I first made this soup when trying to recreate my daughter's favorite Olive Garden dish during lockdown. What started as a restaurant copycat has become our Sunday tradition when temperatures drop below 60 degrees!
Ingredients
- Shredded chicken provides protein and substance. Rotisserie chicken works perfectly to save time
- Olive oil for sautéing creates the flavor foundation. Use a good quality extra virgin for best results
- Onion celery and carrots form the classic mirepoix that gives depth to any good soup
- Chicken broth serves as the savory base. Homemade is best but low sodium store bought works well
- Half and half creates the signature creamy texture without being too heavy like cream
- Packaged gnocchi offers the perfect pillowy texture. Look for potato gnocchi in the pasta aisle
- Fresh spinach adds color nutrition and a slight earthiness that balances the richness
- Seasonings like salt pepper and thyme enhance the flavors without overpowering the dish
Step-by-Step Instructions
- Build the Flavor Base
- Heat olive oil in a large pot over medium heat until shimmering but not smoking. Add diced onion celery and carrots and sauté for 5 to 7 minutes until vegetables begin to soften. This creates the aromatic foundation that will flavor the entire soup.
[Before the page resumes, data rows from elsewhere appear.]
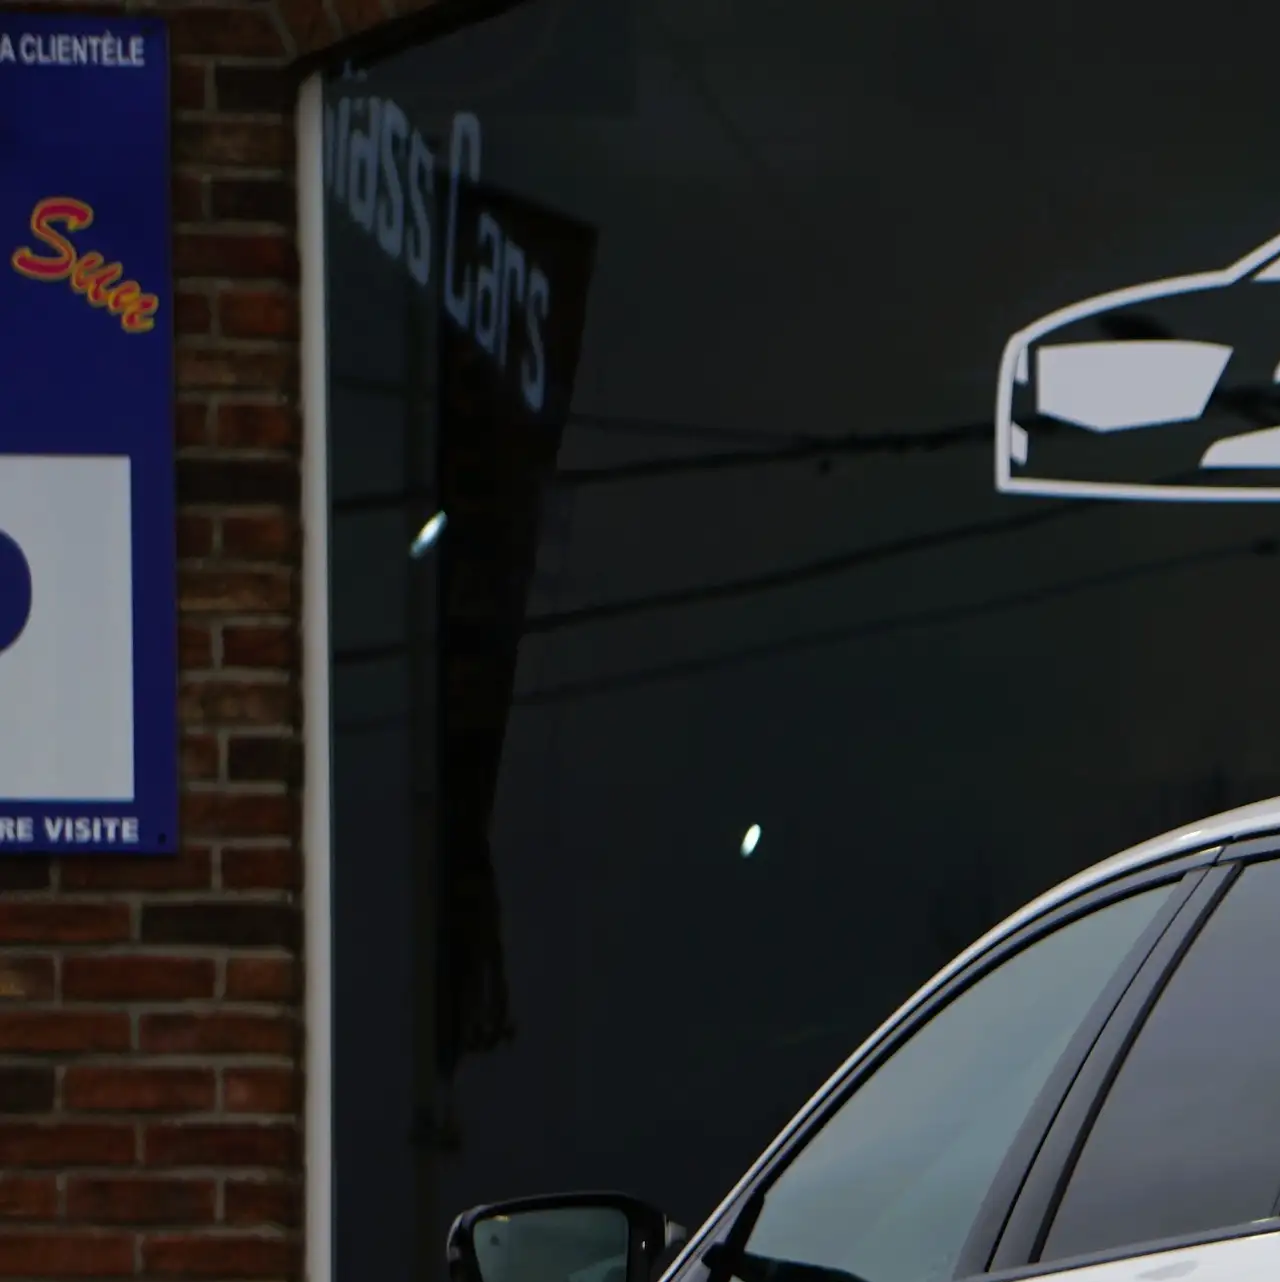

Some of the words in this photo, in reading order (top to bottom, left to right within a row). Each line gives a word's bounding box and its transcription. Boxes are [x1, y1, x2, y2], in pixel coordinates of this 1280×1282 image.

[19, 29, 145, 66] CLIENTÈLE
[324, 96, 434, 286] lass
[445, 111, 549, 413] Cars
[44, 817, 139, 843] VISITE
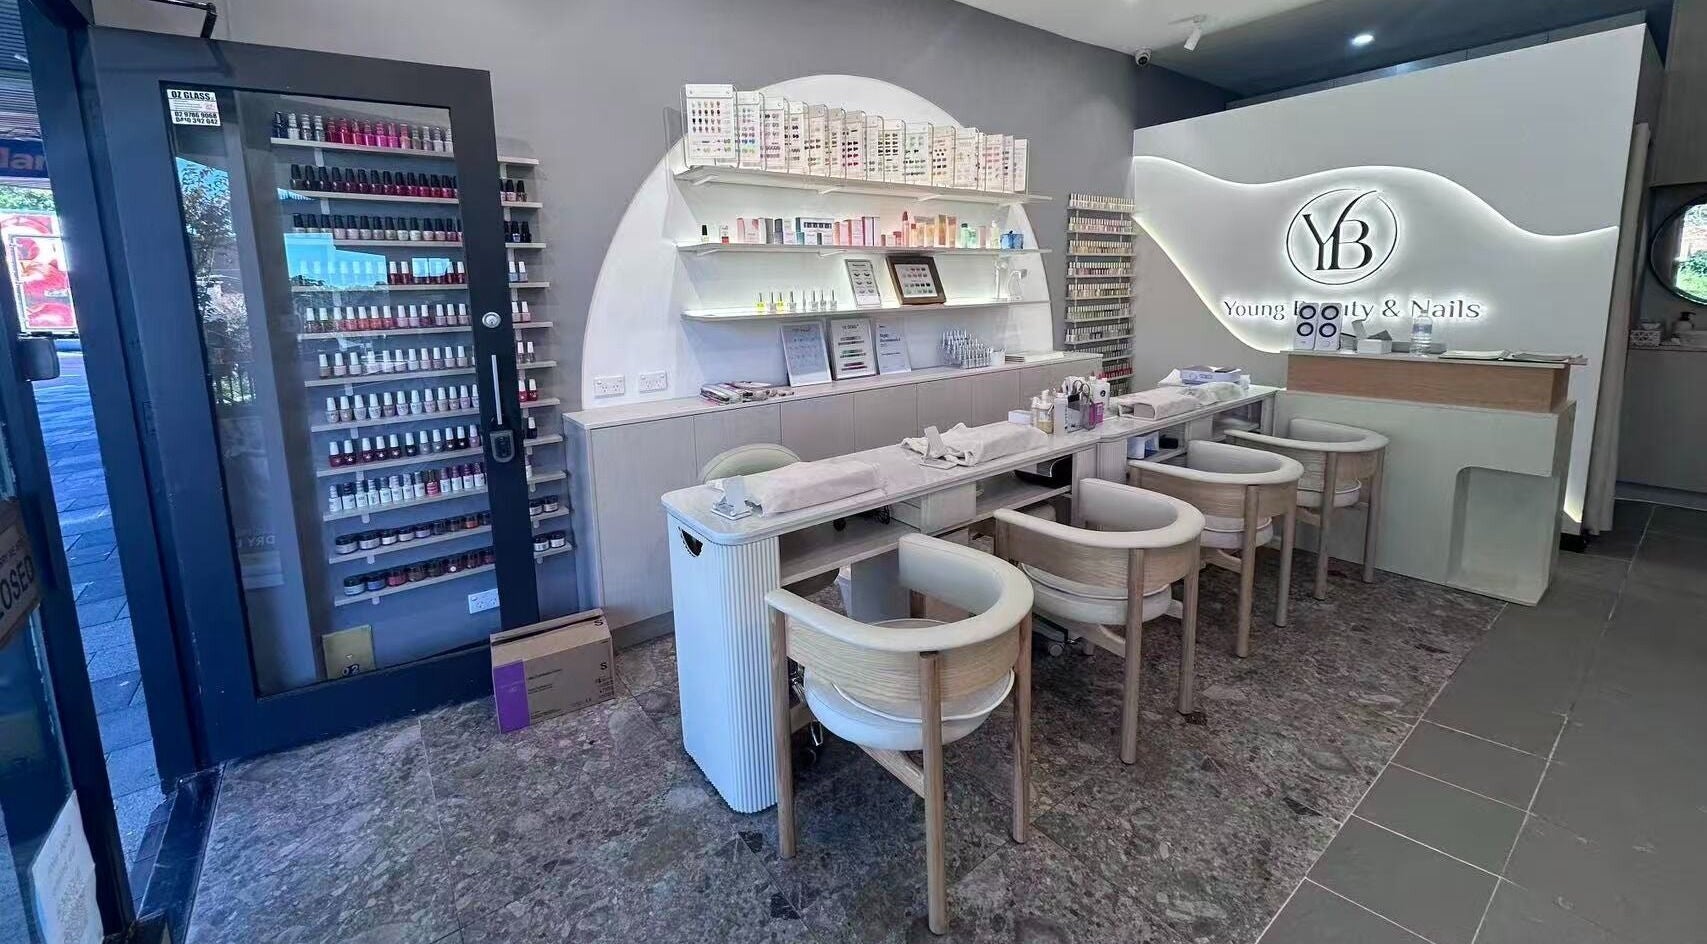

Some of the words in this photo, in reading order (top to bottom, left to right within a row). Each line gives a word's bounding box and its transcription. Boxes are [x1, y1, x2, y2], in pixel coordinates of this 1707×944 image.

[171, 90, 182, 99] OZ
[183, 91, 211, 101] GLASS
[1223, 300, 1286, 321] Young
[1381, 299, 1401, 318] &
[1411, 299, 1481, 319] Nails
[600, 661, 608, 671] S
Stir occasionally to prevent browning.
- Develop the Broth
- Add minced garlic and cook for 30 seconds until fragrant. Pour in chicken broth and add shredded chicken plus dried thyme. Bring to a gentle simmer and cook for 10 minutes to allow flavors to meld together. The broth should reduce slightly and become more flavorful.
- Cook the Gnocchi
- Add the packaged gnocchi directly to the simmering broth and cook until they float to the surface about 3 to 4 minutes. This indicates they are perfectly tender. The starch from the gnocchi will also help thicken the soup slightly.
- Finish with Creaminess
- Reduce heat to low and slowly stir in the half and half. Add fresh spinach and gently simmer until spinach wilts about 2 minutes. Season with salt and pepper to taste. Never boil the soup after adding dairy to prevent curdling.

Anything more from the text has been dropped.